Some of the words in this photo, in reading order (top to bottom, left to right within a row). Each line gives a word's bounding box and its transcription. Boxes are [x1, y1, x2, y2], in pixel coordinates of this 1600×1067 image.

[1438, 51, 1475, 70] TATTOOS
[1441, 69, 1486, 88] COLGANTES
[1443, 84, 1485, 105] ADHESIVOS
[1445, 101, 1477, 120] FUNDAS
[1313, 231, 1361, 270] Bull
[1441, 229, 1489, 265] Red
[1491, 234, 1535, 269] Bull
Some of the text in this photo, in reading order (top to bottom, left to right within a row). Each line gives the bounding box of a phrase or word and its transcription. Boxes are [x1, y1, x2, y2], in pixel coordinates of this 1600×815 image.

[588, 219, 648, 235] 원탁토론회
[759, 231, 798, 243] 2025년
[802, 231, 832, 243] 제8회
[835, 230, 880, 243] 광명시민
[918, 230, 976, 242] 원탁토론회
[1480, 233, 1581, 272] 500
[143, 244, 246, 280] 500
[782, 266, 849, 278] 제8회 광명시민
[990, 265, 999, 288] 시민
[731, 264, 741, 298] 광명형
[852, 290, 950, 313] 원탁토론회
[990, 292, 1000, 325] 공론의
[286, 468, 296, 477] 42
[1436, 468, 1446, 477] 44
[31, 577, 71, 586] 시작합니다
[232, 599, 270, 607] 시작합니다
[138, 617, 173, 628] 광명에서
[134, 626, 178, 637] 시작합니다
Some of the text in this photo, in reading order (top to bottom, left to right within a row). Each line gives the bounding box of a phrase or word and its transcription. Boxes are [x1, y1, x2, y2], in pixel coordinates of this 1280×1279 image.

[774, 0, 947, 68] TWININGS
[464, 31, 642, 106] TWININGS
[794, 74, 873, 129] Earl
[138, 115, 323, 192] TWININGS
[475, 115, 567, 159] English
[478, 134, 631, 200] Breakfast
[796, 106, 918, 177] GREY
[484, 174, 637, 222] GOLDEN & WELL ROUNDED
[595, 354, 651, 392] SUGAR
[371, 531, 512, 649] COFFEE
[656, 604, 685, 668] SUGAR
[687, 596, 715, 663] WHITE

==================================================

▸ WHAT IS NEEDED:
Everything in the listing needs to be duplicated exactly, line for line.

▸ WRITTEN REPLY:
Some of the words in this photo, in reading order (top to bottom, left to right within a row). Each line gives a word's bounding box and its transcription. Boxes are [x1, y1, x2, y2], in pixel coordinates of this 1600×1067 image.

[1438, 51, 1475, 70] TATTOOS
[1441, 69, 1486, 88] COLGANTES
[1443, 84, 1485, 105] ADHESIVOS
[1445, 101, 1477, 120] FUNDAS
[1313, 231, 1361, 270] Bull
[1441, 229, 1489, 265] Red
[1491, 234, 1535, 269] Bull
Some of the text in this photo, in reading order (top to bottom, left to right within a row). Each line gives the bounding box of a phrase or word and its transcription. Boxes are [x1, y1, x2, y2], in pixel coordinates of this 1600×815 image.

[588, 219, 648, 235] 원탁토론회
[759, 231, 798, 243] 2025년
[802, 231, 832, 243] 제8회
[835, 230, 880, 243] 광명시민
[918, 230, 976, 242] 원탁토론회
[1480, 233, 1581, 272] 500
[143, 244, 246, 280] 500
[782, 266, 849, 278] 제8회 광명시민
[990, 265, 999, 288] 시민
[731, 264, 741, 298] 광명형
[852, 290, 950, 313] 원탁토론회
[990, 292, 1000, 325] 공론의
[286, 468, 296, 477] 42
[1436, 468, 1446, 477] 44
[31, 577, 71, 586] 시작합니다
[232, 599, 270, 607] 시작합니다
[138, 617, 173, 628] 광명에서
[134, 626, 178, 637] 시작합니다
Some of the text in this photo, in reading order (top to bottom, left to right within a row). Each line gives the bounding box of a phrase or word and its transcription. Boxes are [x1, y1, x2, y2], in pixel coordinates of this 1280×1279 image.

[774, 0, 947, 68] TWININGS
[464, 31, 642, 106] TWININGS
[794, 74, 873, 129] Earl
[138, 115, 323, 192] TWININGS
[475, 115, 567, 159] English
[478, 134, 631, 200] Breakfast
[796, 106, 918, 177] GREY
[484, 174, 637, 222] GOLDEN & WELL ROUNDED
[595, 354, 651, 392] SUGAR
[371, 531, 512, 649] COFFEE
[656, 604, 685, 668] SUGAR
[687, 596, 715, 663] WHITE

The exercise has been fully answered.